_Exercise instructions_: Return the data below unchanged, without images.
══ Information supplied
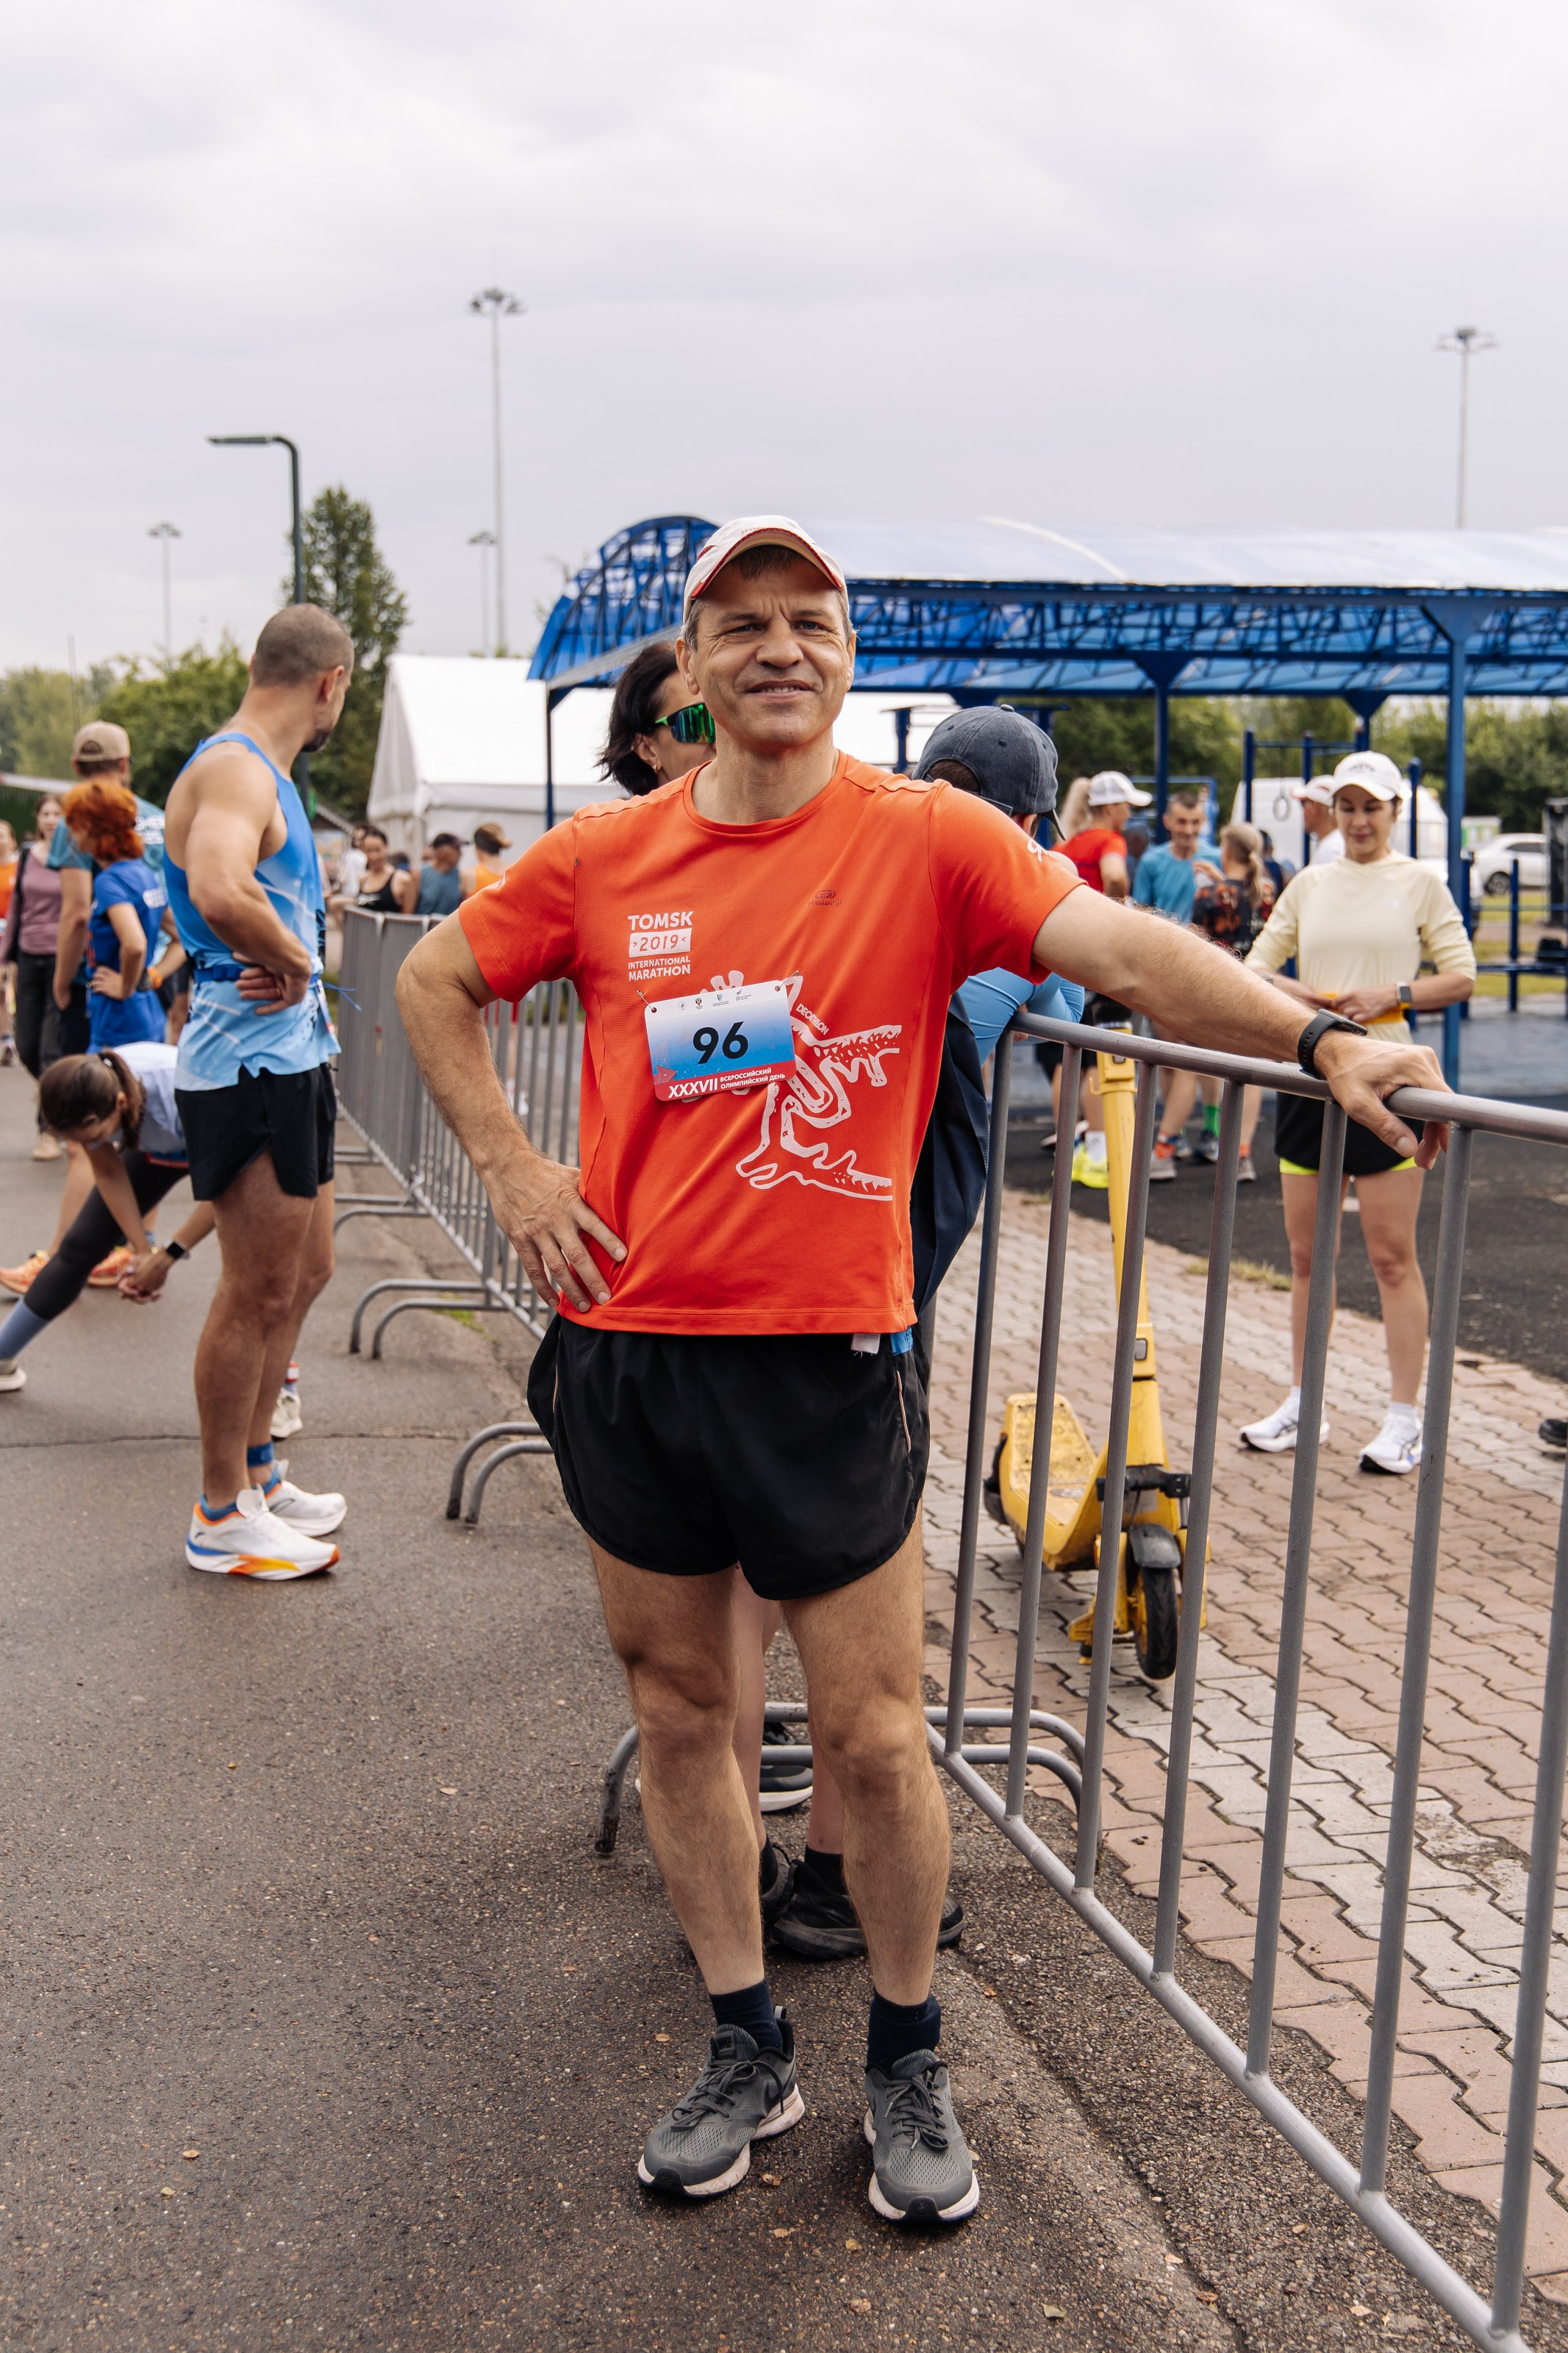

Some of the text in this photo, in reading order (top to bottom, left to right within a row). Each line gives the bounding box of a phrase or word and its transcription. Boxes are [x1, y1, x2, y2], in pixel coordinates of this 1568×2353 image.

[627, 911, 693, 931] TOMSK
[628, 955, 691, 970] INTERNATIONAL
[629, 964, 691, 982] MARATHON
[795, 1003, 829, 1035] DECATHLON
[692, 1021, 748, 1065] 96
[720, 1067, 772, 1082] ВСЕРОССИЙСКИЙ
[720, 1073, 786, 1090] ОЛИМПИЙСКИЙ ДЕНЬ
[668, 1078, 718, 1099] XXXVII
════
_Problem solution_:
Some of the text in this photo, in reading order (top to bottom, left to right within a row). Each line gives the bounding box of a phrase or word and its transcription. Boxes are [x1, y1, x2, y2], in pixel coordinates of this 1568×2353 image.

[627, 911, 693, 931] TOMSK
[628, 955, 691, 970] INTERNATIONAL
[629, 964, 691, 982] MARATHON
[795, 1003, 829, 1035] DECATHLON
[692, 1021, 748, 1065] 96
[720, 1067, 772, 1082] ВСЕРОССИЙСКИЙ
[720, 1073, 786, 1090] ОЛИМПИЙСКИЙ ДЕНЬ
[668, 1078, 718, 1099] XXXVII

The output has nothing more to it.